A Family Trust is a legally binding Estate Planning tool that’s set up to financially protect and benefit you and your family. Like other Trusts, a Family Trust might be able to help you avoid probate, delay, or reduce taxes and protect your assets. I’m always wanting to offer information for my clients on wealth management, family financial planning and success. There are many reasons to set up a family trust, including:
Property transferred to the trust is no longer owned by the settlor (or the beneficiaries) and therefore should not be subject to claims from future creditors, provided certain conditions are met at the time of settlement. With creditor protection in place, the settlor may decide to undertake a higher-risk occupation or venture with no risk over the trust assets.

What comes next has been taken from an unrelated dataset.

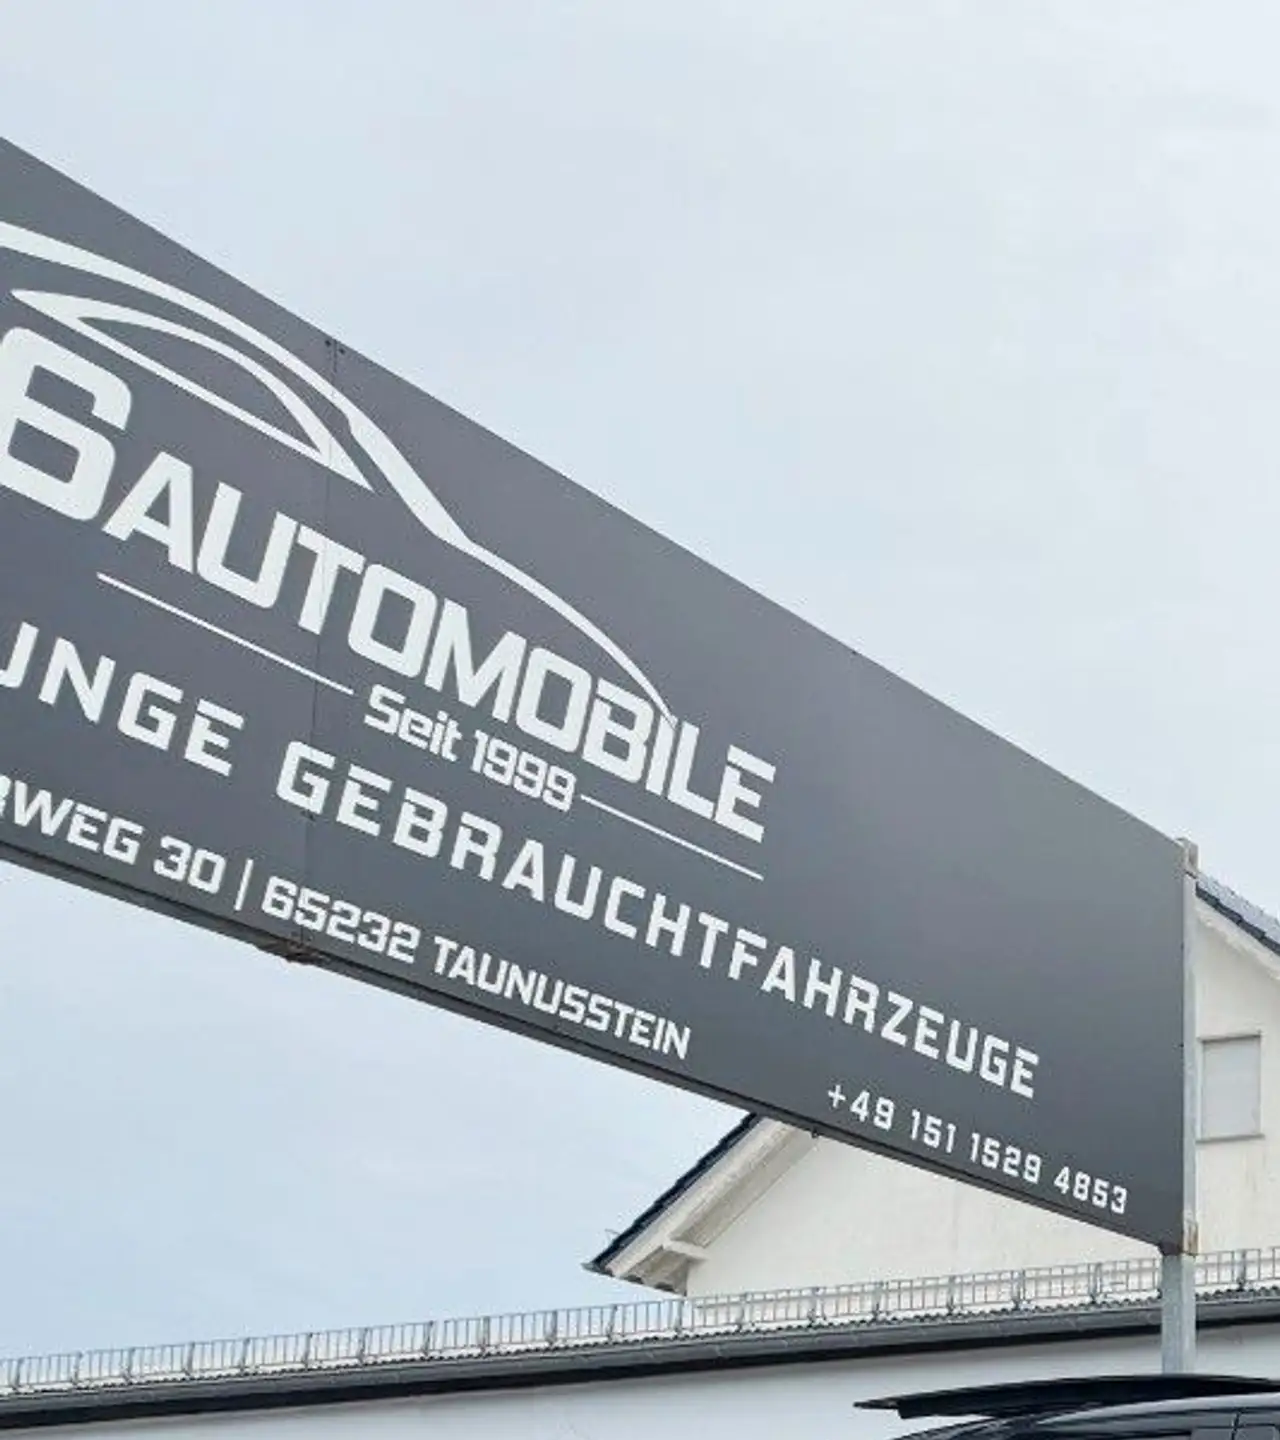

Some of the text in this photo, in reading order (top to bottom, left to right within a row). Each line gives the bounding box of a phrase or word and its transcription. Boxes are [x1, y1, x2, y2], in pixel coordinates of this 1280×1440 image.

Protecting Against Relationship Property Claims
If you gift assets to your children during your lifetime, these assets may become available to their partners under relationship property laws should their relationship end. By placing these assets in a trust instead of directly in the name of your children, your children can continue to receive the benefit of those assets without the assets forming part of their personal property and therefore not subject to claims from partners.
Protecting Family with Illness or Special Needs
A family trust may be used to provide for children or other family members who require medical care or have special needs, or who are unable to manage their affairs through either age or infirmity. Provisions can be made in the trust to protect against other family members who may intend to assume control of the family assets for themselves, following the death of the settlor.
Protecting Against Spendthrift Beneficiaries
Trusts can provide for long-term protection of family assets where you have concerns about how certain family members manage their financial affairs.
Flexibility to React to Change in Law
Modern trust deeds usually include provisions that allow variation of the trusts to deal with changes in the law.
As mentioned above, subject to applicable bankruptcy and family law provisions, assets settled in a trust no longer form part of the settlor’s estate upon his or her death.
When developing your wealth planning objectives, you must first decide whether a trust is suitable to meet your objectives. Careful consideration should then be given to how the trust is established and how it will be managed going forward. Ultimately, the main focus is to protect your family and loved ones for their future. It is advised to sit down with a trusted attorney to ask all of your questions before you start creating your family trust.